1a Moving text from model with no more energy (4-3-5)
COPY AND PASTE: Synonyms of model as in imitate COPY, with as in including AND, a historical no more PAST, and E for energy (Ctrl-C Ctrl-V)

8a One disbelieves quote about Hearts making a comeback (7)
HERETIC: To quote or CITE. about or RE and H for Hearts are reversed (making a comeback) a disbeliever or HERETIC.

9a This person needs a belt or more strapping (7)
MEATIER: This person or ME, A from the clue a belt or TIER follows to be MEATIER or more strapping.

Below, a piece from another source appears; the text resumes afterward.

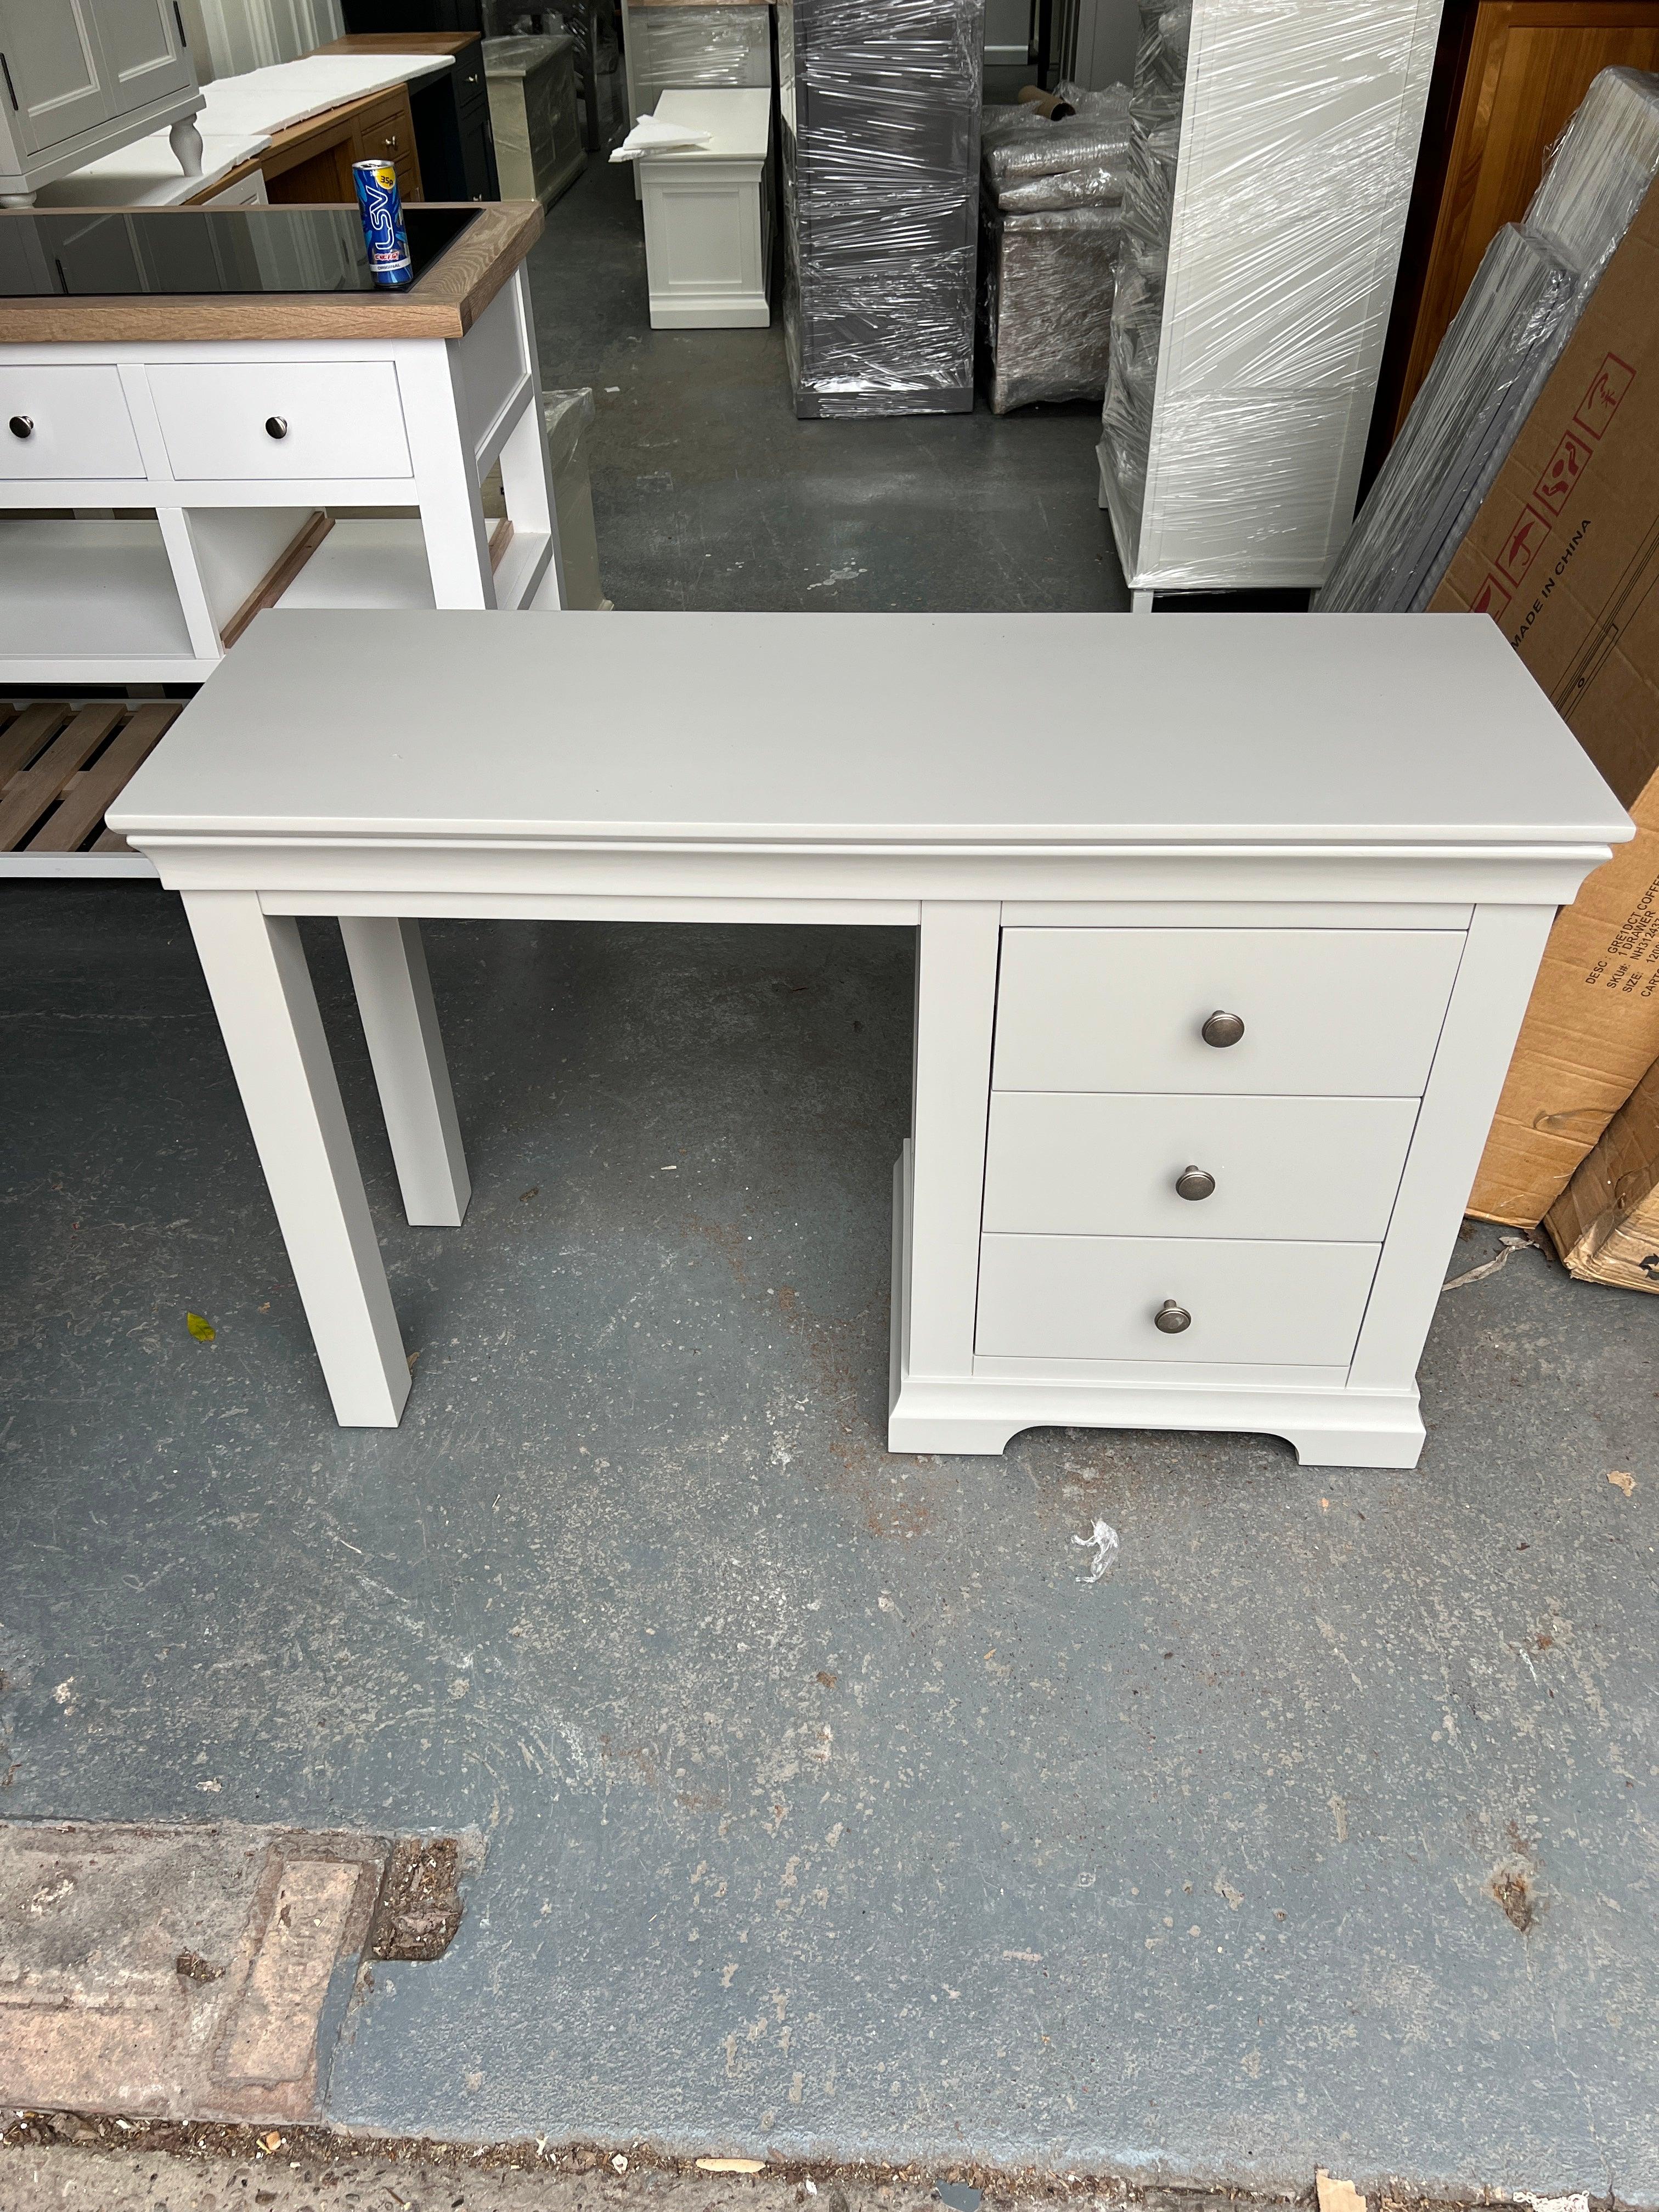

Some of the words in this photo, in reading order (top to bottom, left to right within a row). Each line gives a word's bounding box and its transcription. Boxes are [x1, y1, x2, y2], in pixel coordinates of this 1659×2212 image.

11a A fling, then Frenchman’s word is retracted in game of chance (7)
TOMBOLA: An ideal opportunity to re-gift those unwanted presents, A from the clue, to fling or LOB  add the Frenchman’s word for word  MOT and reverse ( is retracted) the lot. A LOB MOT becomes a TOMBOLA

Roll up Roll up! Our Tombola prizes for Children in Need! | Children in need, Pop tarts, Children
12a Electronic bug located after street clean (7)
STERILE: E for the prefix of all things electronic (e-mail, e ciggies etc.)and to bug or RILE, follows the abbreviation for Street ST, to be clean and STERILE.

13a Festivities end in brawling, I regret to say (5)
GALAS: These festivities are the end letter of brawling G and another word for I regret to say or ALAS.

14a Warrior takes 31 days over suppressing sin and evil (9)
GUERRILLA: Synonyms of sin ERR, and evil ILL, go in a reversal (over) of an abbreviation of one of the months that contain 31 days AUGust.

16a Company with hotel invested in local I used as boozer (9)
ALCOHOLIC: I from the clue, an abbreviation of company CO, and the letter that hotel indicates H, are invested in an anagram of LOCAL.

19a What jazz singers can do to keep new is limited (5)
SCANT: When jazz singers forget the words or want to mumble they may SCAT around N for new gives us something limited or SCANT.

21a One simply can’t resist house stuffing (7)
HOARDER: A nice little &lit or all-in-one of someone who stuffs their house to the gills with rubbish that more sensible people recycle or re-gift perhaps.

23a Deception linked with manufactured pop (7)
LIMEADE: A deception or LIE links with manufactured or MADE for the “pop” LIMEADE.
Upside down 7up : r/nostalgia

24a Stagger away, say, quickly (4,3)
REEL OFF: A double or triple definition or an all-in-one. To stagger or REEL, to stagger away REEL OFF, to say or REEL to say quickly REEL OFF.

25a Sleeping supporter seen in border station (7)
BEDPOST: The border where flowers grow BED, and a supporter or POST being the place where a custom/border guard may be stationed.

26a Dr Foster maybe, carer, repeatedly tracks cases of medicine round hospital (7,5)
NURSERY RHYME: A medical carer NURSE,and two (repeatedly) of the abbreviations for railway RY and RY around the letter that Hospital represents, followed by the case letters of medicine ME. Dr Foster is a definition by example (maybe) of the childish ditty we seek.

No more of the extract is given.